» Task item:
Write the records out again exactly as they read, dropping any picture they hold.

#### Data extract ####

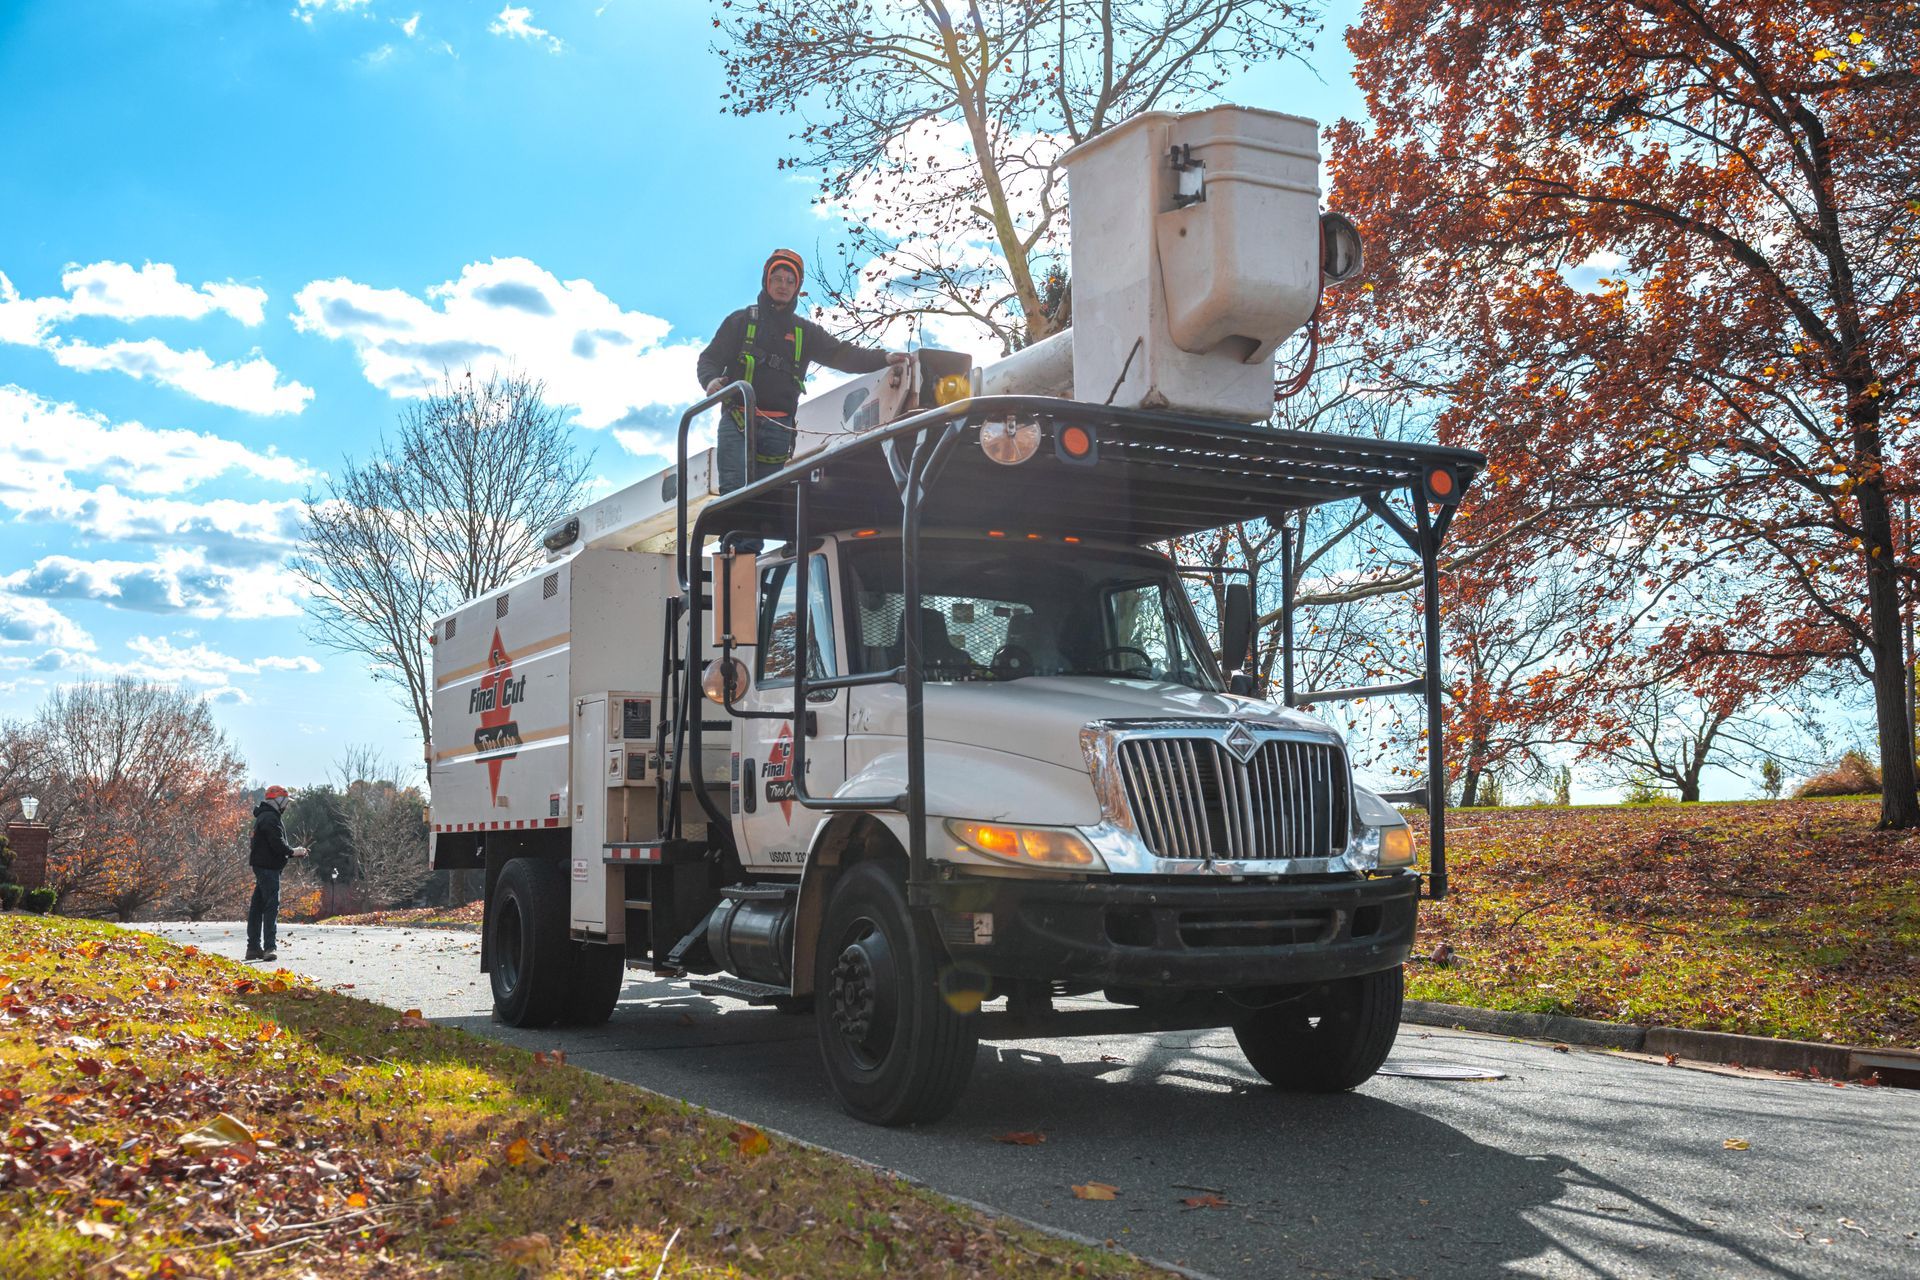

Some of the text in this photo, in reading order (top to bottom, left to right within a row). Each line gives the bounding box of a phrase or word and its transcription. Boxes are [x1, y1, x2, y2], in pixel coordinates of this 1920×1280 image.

[469, 674, 526, 714] Final Cut
[761, 761, 786, 778] Final
[770, 782, 797, 798] Tree Ca
[769, 851, 792, 862] USDOT
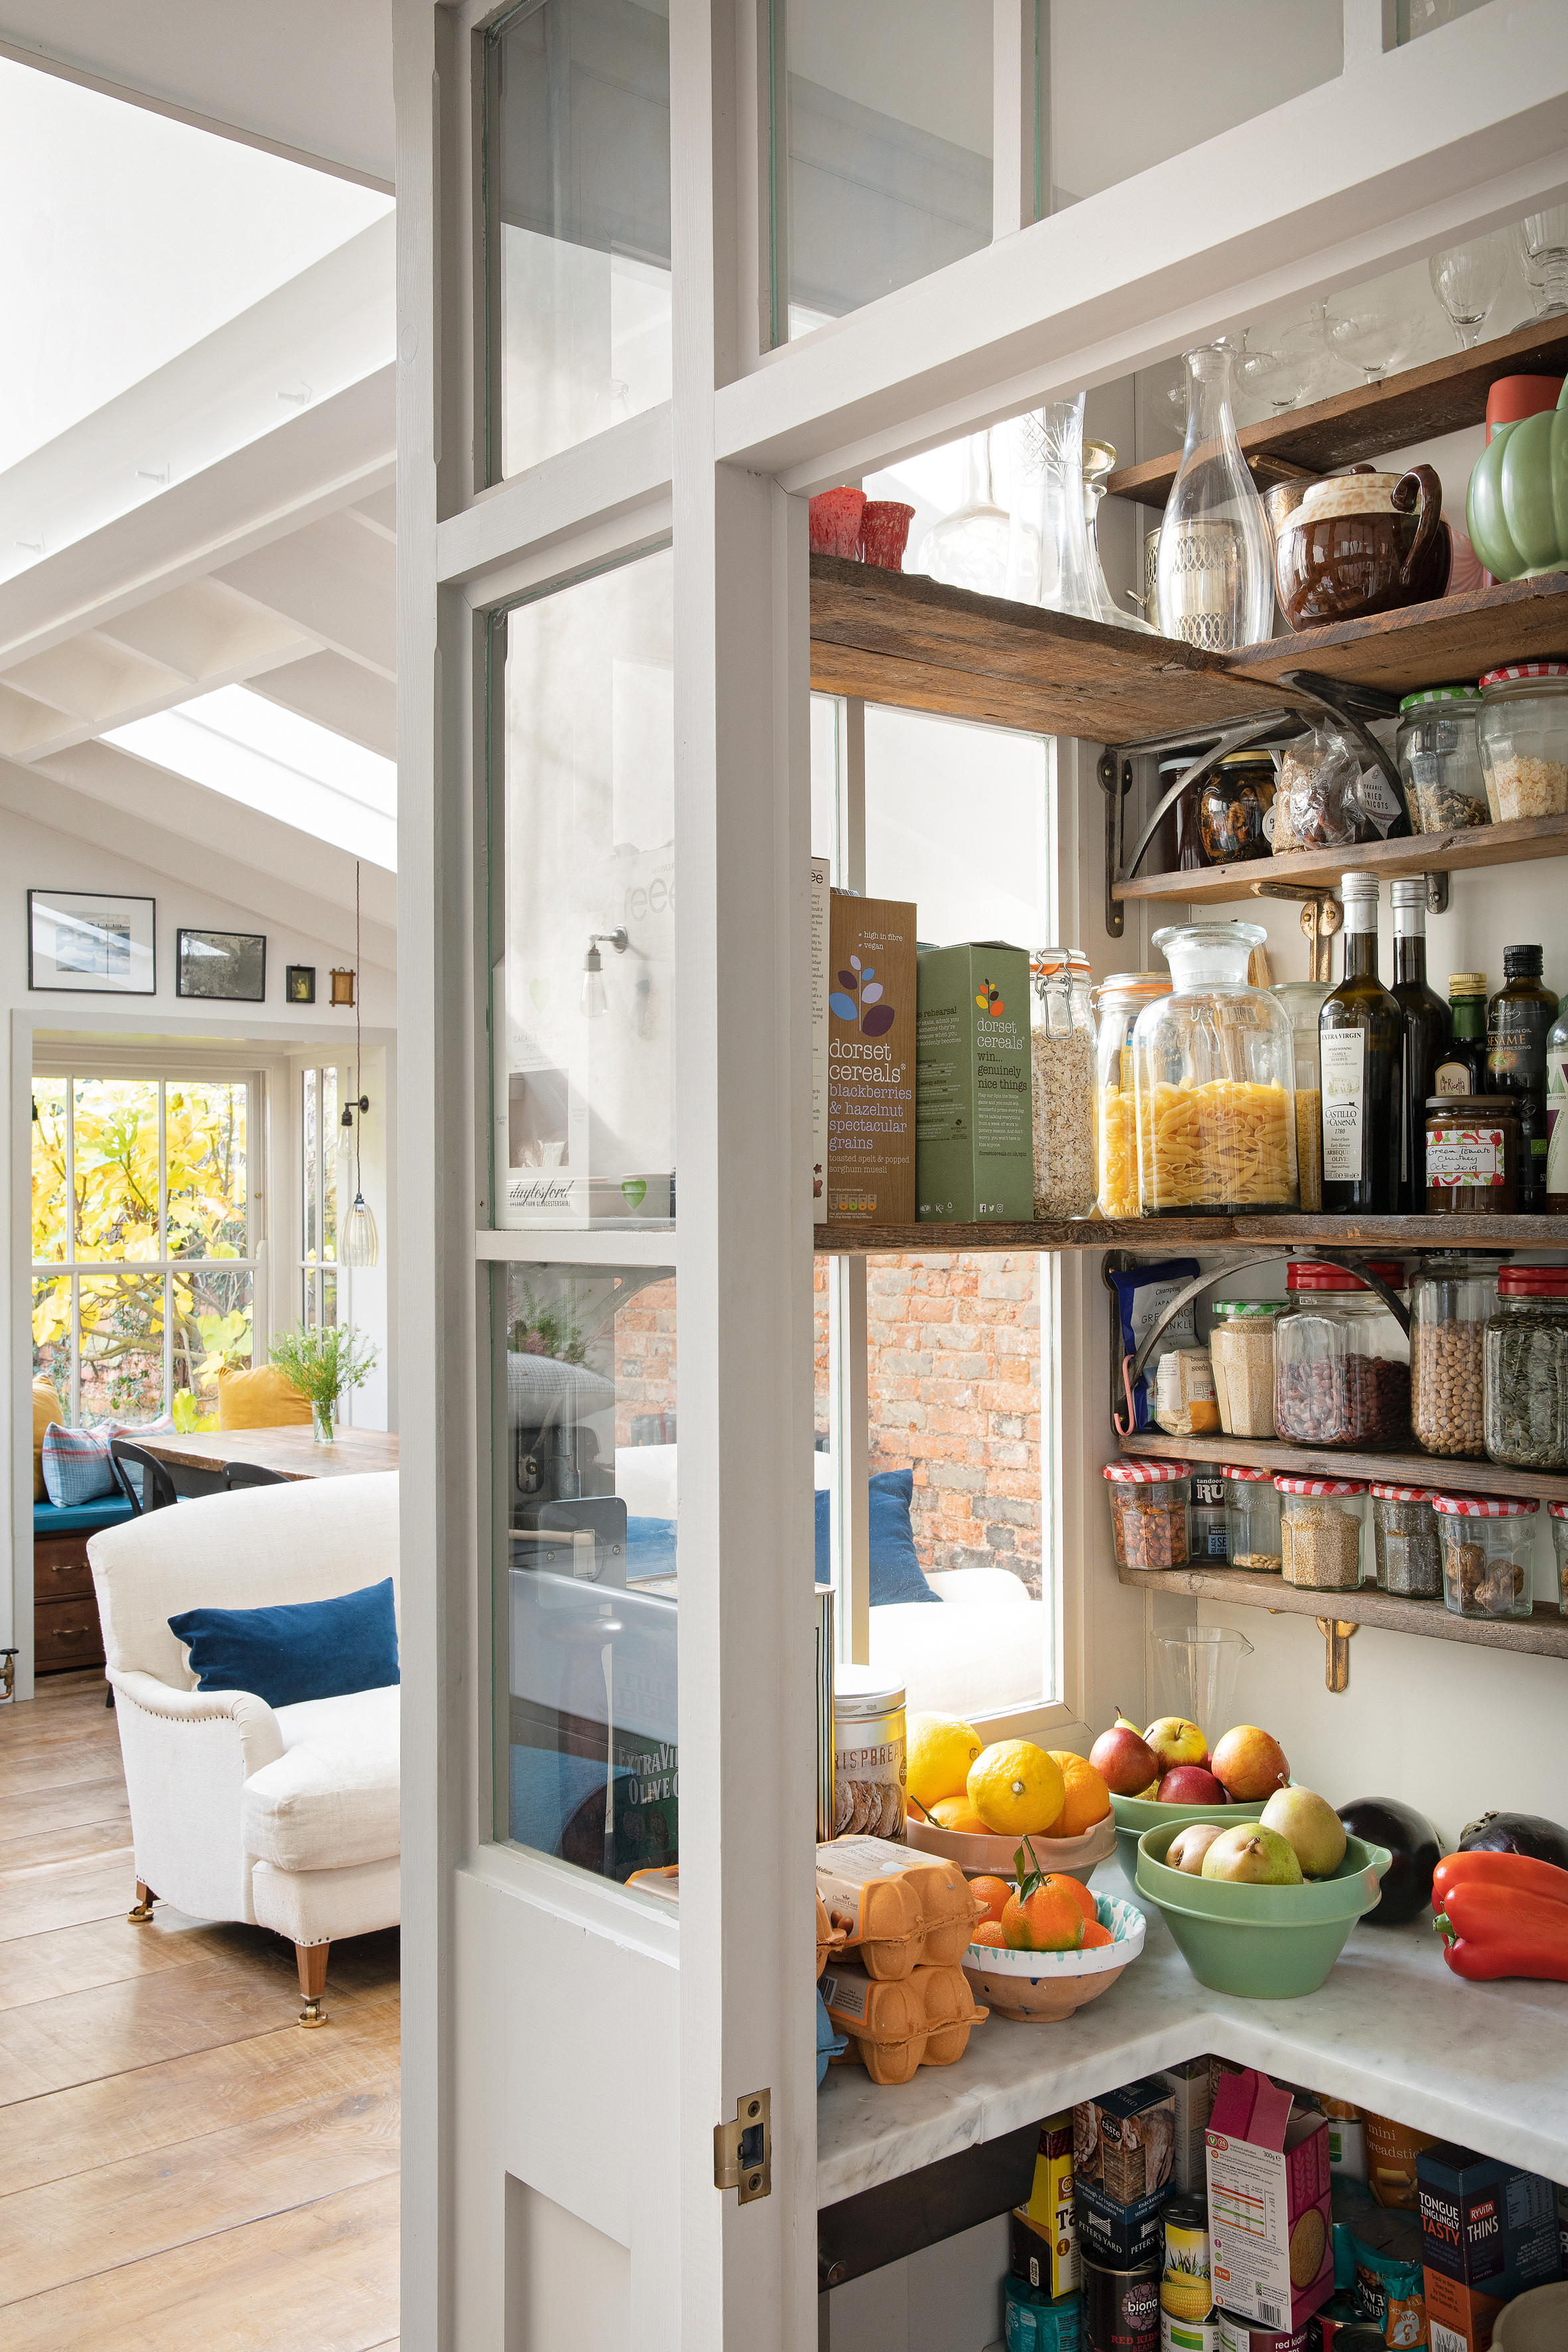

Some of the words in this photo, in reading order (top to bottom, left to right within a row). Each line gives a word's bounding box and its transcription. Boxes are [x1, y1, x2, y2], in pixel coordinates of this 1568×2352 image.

[923, 1006, 957, 1017] rehearsal
[528, 1022, 553, 1032] ORGANIC
[977, 1017, 1017, 1034] dorset
[514, 1034, 532, 1043] CACAO
[540, 1030, 567, 1041] COCONUT
[1487, 1034, 1526, 1046] SESAME
[526, 1042, 554, 1052] PORRIDGE
[829, 1038, 892, 1061] dorset
[977, 1052, 1002, 1062] win...
[978, 1065, 1022, 1079] genuinely
[829, 1083, 911, 1100] blackberries
[978, 1079, 997, 1089] nice
[1000, 1079, 1027, 1093] things
[1448, 1077, 1465, 1095] Ricetta
[829, 1101, 842, 1115] &
[845, 1102, 903, 1117] hazelnut
[1325, 1109, 1357, 1118] CASTILLO
[829, 1119, 907, 1134] spectacular
[1553, 1111, 1565, 1139] VINEGAR
[829, 1137, 873, 1152] grains
[1429, 1146, 1456, 1156] Green
[1459, 1146, 1490, 1154] Tomato
[858, 1155, 876, 1164] spelt
[885, 1156, 909, 1164] popped
[1437, 1155, 1478, 1164] Chutney
[828, 1165, 862, 1174] sorghum
[1156, 1286, 1181, 1295] Clearspring
[629, 1777, 670, 1805] OLIVE
[832, 1895, 848, 1905] Clarence
[847, 1900, 858, 1909] Court
[1118, 2094, 1138, 2108] YARD
[1102, 2121, 1121, 2138] taste
[1368, 2124, 1396, 2140] mini
[1366, 2135, 1423, 2159] breadstic
[1263, 2151, 1275, 2160] 300g
[1064, 2180, 1072, 2189] 20
[1075, 2180, 1097, 2198] Sourdough
[1098, 2195, 1125, 2215] Crispbread
[1083, 2191, 1095, 2202] SEEDED
[1095, 2201, 1117, 2216] WHOLEGRAIN
[1135, 2208, 1147, 2217] SEEDED
[1419, 2191, 1459, 2222] TONGUE
[1419, 2205, 1459, 2230] TINGLINGLY
[1421, 2214, 1460, 2246] TASTY
[1467, 2215, 1499, 2242] THINS
[1535, 2224, 1554, 2236] Ingredients
[1079, 2221, 1102, 2241] PETER'S
[1103, 2236, 1123, 2254] YARD
[1131, 2235, 1155, 2254] PETER'S
[1060, 2242, 1066, 2254] 1
[1129, 2298, 1157, 2312] biona
[1130, 2307, 1156, 2315] ORGANIC
[1403, 2324, 1413, 2341] 3
[1111, 2335, 1134, 2345] RED
[1133, 2341, 1156, 2352] BEANS
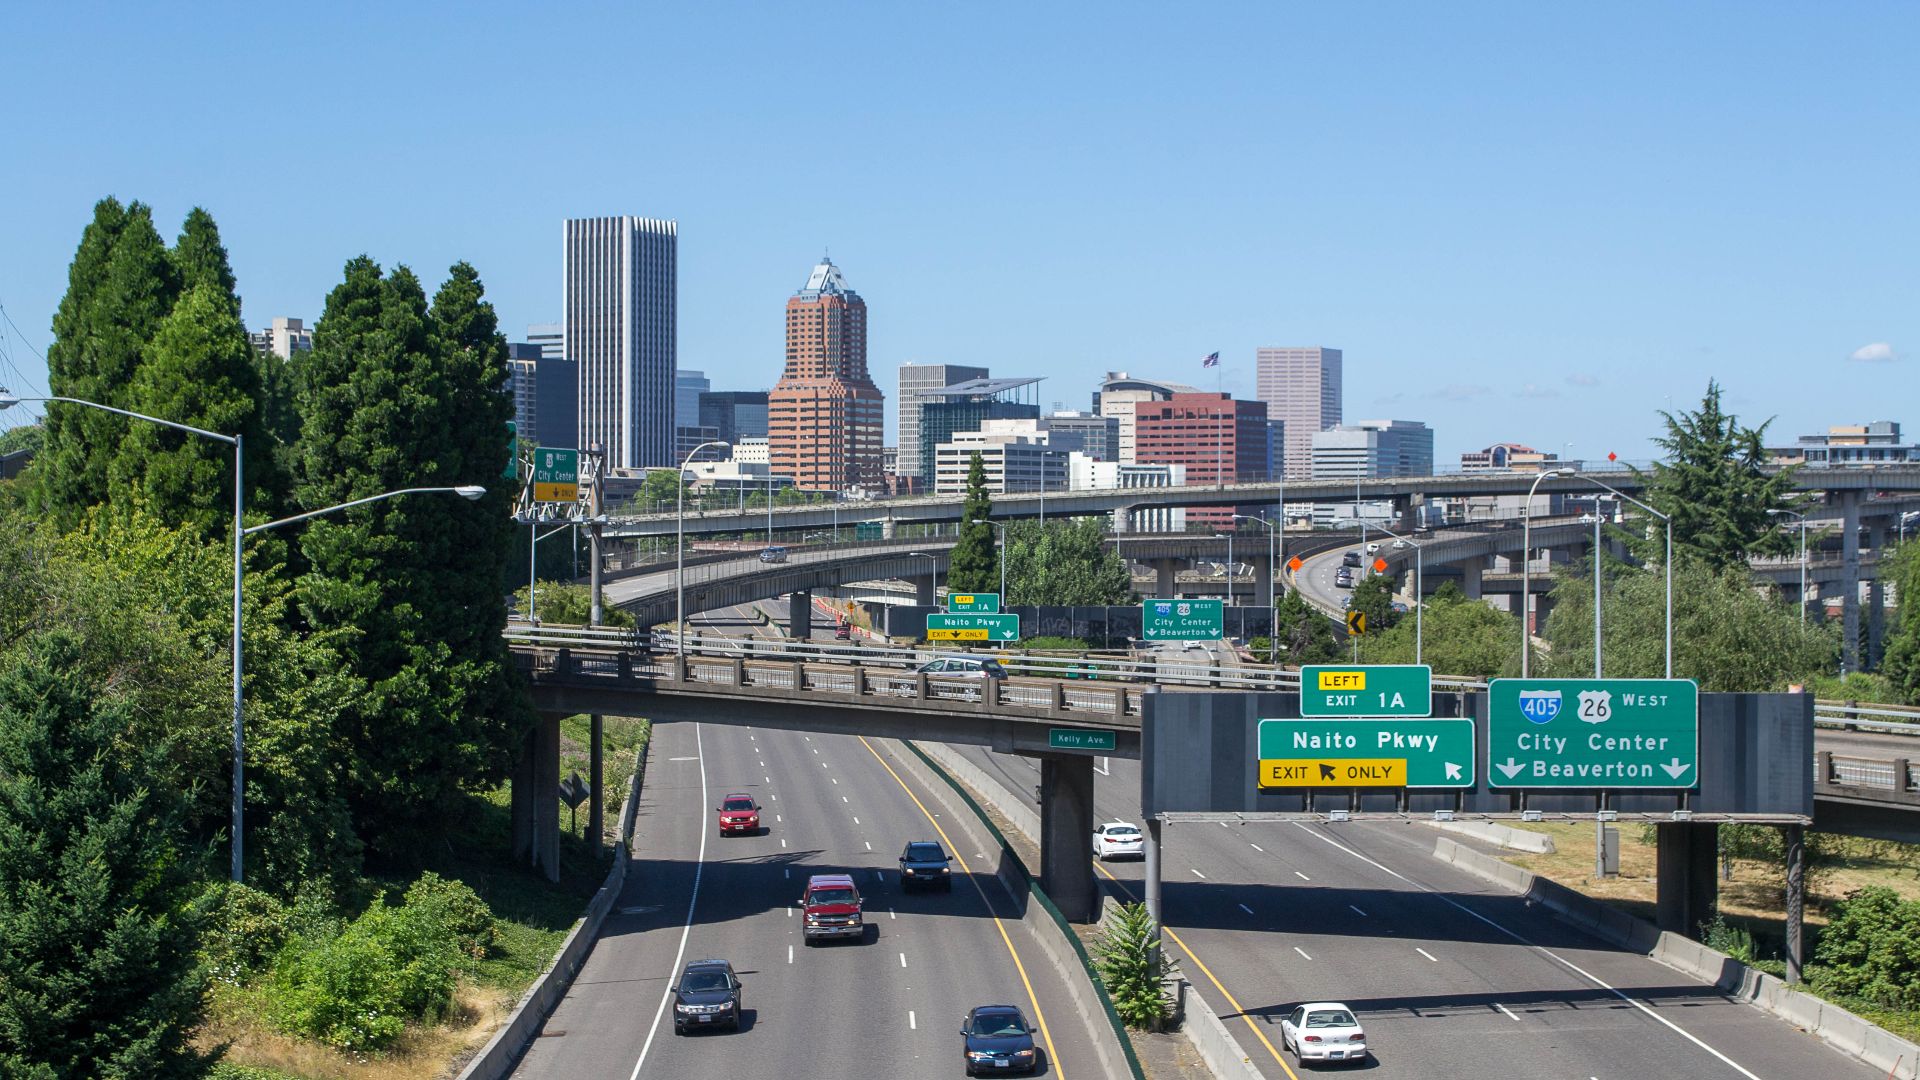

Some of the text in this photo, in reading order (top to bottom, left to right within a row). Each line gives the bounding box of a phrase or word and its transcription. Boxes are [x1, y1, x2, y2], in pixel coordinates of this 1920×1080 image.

[538, 470, 575, 482] City Center
[978, 603, 989, 611] 1A
[1178, 606, 1190, 614] 26
[944, 618, 1001, 627] Naito Pkwy
[1154, 618, 1212, 627] City Center
[1160, 628, 1206, 636] Beaverton
[1324, 675, 1359, 687] LEFT
[1326, 692, 1406, 708] EXIT 1A
[1523, 693, 1668, 718] 405 26 WEST
[1058, 734, 1105, 744] Kelly Ave.
[1293, 731, 1439, 753] Naito Pkwy
[1517, 733, 1669, 755] City Center
[1272, 766, 1393, 779] EXIT ONLY
[1532, 760, 1654, 778] Beaverton

####

» Written response:
Some of the text in this photo, in reading order (top to bottom, left to right within a row). Each line gives the bounding box of a phrase or word and its transcription. Boxes are [x1, y1, x2, y2], in pixel coordinates of this 1920×1280 image.

[469, 674, 526, 714] Final Cut
[761, 761, 786, 778] Final
[770, 782, 797, 798] Tree Ca
[769, 851, 792, 862] USDOT

Some of the words in this photo, in reading order (top to bottom, left to right within a row). Each line gives a word's bounding box and its transcription. Boxes are [x1, y1, x2, y2], in pixel coordinates of this 1568×2352 image.

[923, 1006, 957, 1017] rehearsal
[528, 1022, 553, 1032] ORGANIC
[977, 1017, 1017, 1034] dorset
[514, 1034, 532, 1043] CACAO
[540, 1030, 567, 1041] COCONUT
[1487, 1034, 1526, 1046] SESAME
[526, 1042, 554, 1052] PORRIDGE
[829, 1038, 892, 1061] dorset
[977, 1052, 1002, 1062] win...
[978, 1065, 1022, 1079] genuinely
[829, 1083, 911, 1100] blackberries
[978, 1079, 997, 1089] nice
[1000, 1079, 1027, 1093] things
[1448, 1077, 1465, 1095] Ricetta
[829, 1101, 842, 1115] &
[845, 1102, 903, 1117] hazelnut
[1325, 1109, 1357, 1118] CASTILLO
[829, 1119, 907, 1134] spectacular
[1553, 1111, 1565, 1139] VINEGAR
[829, 1137, 873, 1152] grains
[1429, 1146, 1456, 1156] Green
[1459, 1146, 1490, 1154] Tomato
[858, 1155, 876, 1164] spelt
[885, 1156, 909, 1164] popped
[1437, 1155, 1478, 1164] Chutney
[828, 1165, 862, 1174] sorghum
[1156, 1286, 1181, 1295] Clearspring
[629, 1777, 670, 1805] OLIVE
[832, 1895, 848, 1905] Clarence
[847, 1900, 858, 1909] Court
[1118, 2094, 1138, 2108] YARD
[1102, 2121, 1121, 2138] taste
[1368, 2124, 1396, 2140] mini
[1366, 2135, 1423, 2159] breadstic
[1263, 2151, 1275, 2160] 300g
[1064, 2180, 1072, 2189] 20
[1075, 2180, 1097, 2198] Sourdough
[1098, 2195, 1125, 2215] Crispbread
[1083, 2191, 1095, 2202] SEEDED
[1095, 2201, 1117, 2216] WHOLEGRAIN
[1135, 2208, 1147, 2217] SEEDED
[1419, 2191, 1459, 2222] TONGUE
[1419, 2205, 1459, 2230] TINGLINGLY
[1421, 2214, 1460, 2246] TASTY
[1467, 2215, 1499, 2242] THINS
[1535, 2224, 1554, 2236] Ingredients
[1079, 2221, 1102, 2241] PETER'S
[1103, 2236, 1123, 2254] YARD
[1131, 2235, 1155, 2254] PETER'S
[1060, 2242, 1066, 2254] 1
[1129, 2298, 1157, 2312] biona
[1130, 2307, 1156, 2315] ORGANIC
[1403, 2324, 1413, 2341] 3
[1111, 2335, 1134, 2345] RED
[1133, 2341, 1156, 2352] BEANS

Some of the text in this photo, in reading order (top to bottom, left to right within a row). Each line gives the bounding box of a phrase or word and its transcription. Boxes are [x1, y1, x2, y2], in pixel coordinates of this 1920×1080 image.

[538, 470, 575, 482] City Center
[978, 603, 989, 611] 1A
[1178, 606, 1190, 614] 26
[944, 618, 1001, 627] Naito Pkwy
[1154, 618, 1212, 627] City Center
[1160, 628, 1206, 636] Beaverton
[1324, 675, 1359, 687] LEFT
[1326, 692, 1406, 708] EXIT 1A
[1523, 693, 1668, 718] 405 26 WEST
[1058, 734, 1105, 744] Kelly Ave.
[1293, 731, 1439, 753] Naito Pkwy
[1517, 733, 1669, 755] City Center
[1272, 766, 1393, 779] EXIT ONLY
[1532, 760, 1654, 778] Beaverton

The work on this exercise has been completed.